TOWN OF MANCHESTER
v.
Henry B. CHERBONNEAU and Irene Cherbonneau.
No. 50-72.
Supreme Court of Vermont, Bennington.
February 8, 1973.Carmody, Whalen & O'Dea, Manchester, for plaintiff.
William C. Sennett, Bennington, for defendants.
Before SHANGRAW, C. J., and BARNEY, SMITH, KEYSER and DALEY, JJ.
*549 SHANGRAW, Chief Justice.
This action was commenced when the plaintiff, Town of Manchester, sought an injunction in the Bennington County Court to enjoin the defendants from plugging a culvert which drained water on their property. The defendants answered and interposed a counter-claim alleging, in substance, that the waters passing through the culvert, which were polluted and contaminated, spread over areas of their property resulting in damage. Defendants also requested that plaintiff be enjoined from continuing to collect and dump the polluted waters on their property.
The case was tried by court, findings of fact were made, and a judgment followed permanently enjoining defendants from plugging, blocking, stopping or otherwise obstructing the culvert which empties water onto their lands at or near the southwesterly corner thereof. The defendants' counterclaim was also dismissed. Defendants have appealed to this Court for review.
The culvert in question is located beneath U.S. Route 7 which runs through the Town of Manchester in a north-south direction. U.S. Route 7 is owned by the town. Sometime prior to 1931 the culvert was installed by the town for the purpose of carrying both surface waters and stream waters from an area west of the highway to an area east of the highway. At the time the culvert was installed it began at a point which is now the southwesterly corner of U.S. Route 7 and Hillvale Drive and ran in a northeasterly direction beneath the highway to lands adjacent to the defendants, now owned by one George Heaslip. In 1936 a prior owner of the lands now owned by George Heaslip connected a culvert to the easterly end of plaintiff's culvert and ran it across his lands in a northeasterly direction. As a consequence, waters entering the westerly end of plaintiff's culvert discharge onto the defendants' lands.
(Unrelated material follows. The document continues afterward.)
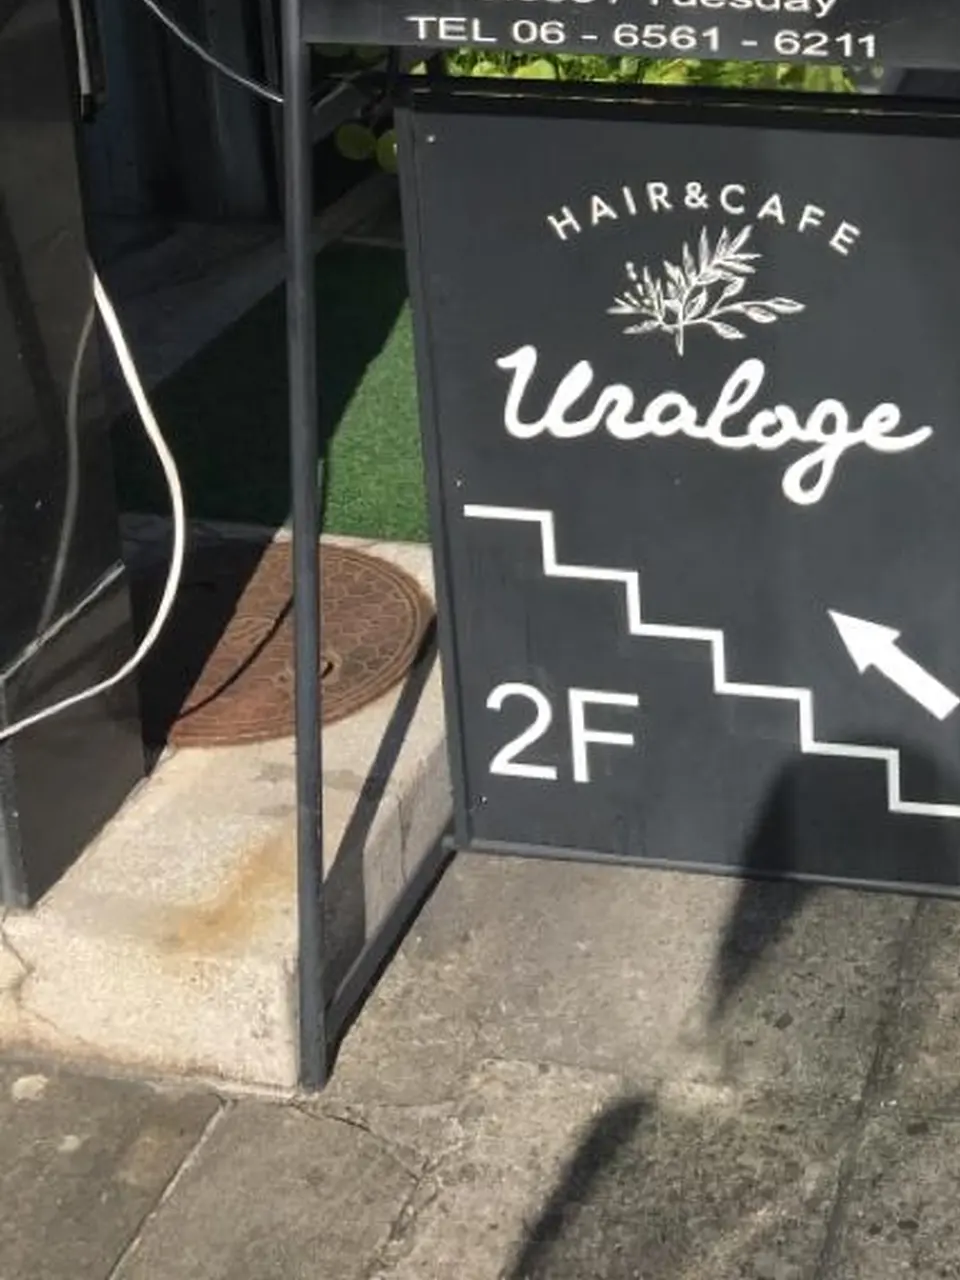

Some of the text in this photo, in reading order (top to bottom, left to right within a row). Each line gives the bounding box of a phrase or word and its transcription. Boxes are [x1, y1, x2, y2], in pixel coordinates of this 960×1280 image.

On the east side of U.S. Route 7 a water drain empties into plaintiff's culvert. The waters collected by the drain also discharge onto the defendants' lands.
In 1931 the defendants purchased their lands, which are located on the east side of U.S. Route 7 and north of the lands now owned by George Heaslip. The defendants purchased these lands subject to a servitude which gave the plaintiff the right to run the culvert beneath the highway. At that time the waters discharged by the culvert ran across the defendants' lands in a northeasterly direction. When the defendants erected their home and filled and graded their lands the direction of the flow of the water was not changed. Until 1966 or 1967 the waters collected by plaintiff's culvert ran onto defendants' lands during periods of the year, but did not interfere with defendants' use and enjoyment of their premises. However, since that time during periods of thaw or high water, the waters, including pollutants, entered the defendants' home and caused damage.
In order to prevent the waters and pollutants from damaging their residence, the defendants permanently plugged the easterly extension of the culvert. This caused the waters to fill the culvert, backup and flow onto U.S. Route 7.
During the course of the proceedings in the trial court, the defendants offered to show that pollutants entered plaintiff's culvert from two sources. This testimony was excluded by the trial court, and the defendants contend it was erroneous for the trial court to do so. The first source of pollution the defendants sought to introduce testimony relating to was a Shell service station located along U.S. Route 7, south of the culvert. The other source of pollution about which the defendants sought to introduce testimony was a septic system located on the Richardson property on the west side of U.S. Route 7. It is the defendants' contention such testimony was relevant because it went to the reasonableness *550 of the quality of the water, in that it tended to show the plaintiff impaired the quality of the waters to those below.
When a town undertakes to construct a culvert over a natural watercourse while in the process of building and maintaining its highways, it must do so as to avoid any unnecessary damage to persons owning adjacent lands. It is not only the town's duty to construct such a culvert, but also to keep it in such a condition that it will not obstruct the stream and allow the waters to flow back across the highway and damage the lands above. Sargent v. Town of Cornwall, 130 Vt. 323, 326-327, 292 A.2d 818 (1972); Haynes v. Burlington, 38 Vt. 350, 360 (1865).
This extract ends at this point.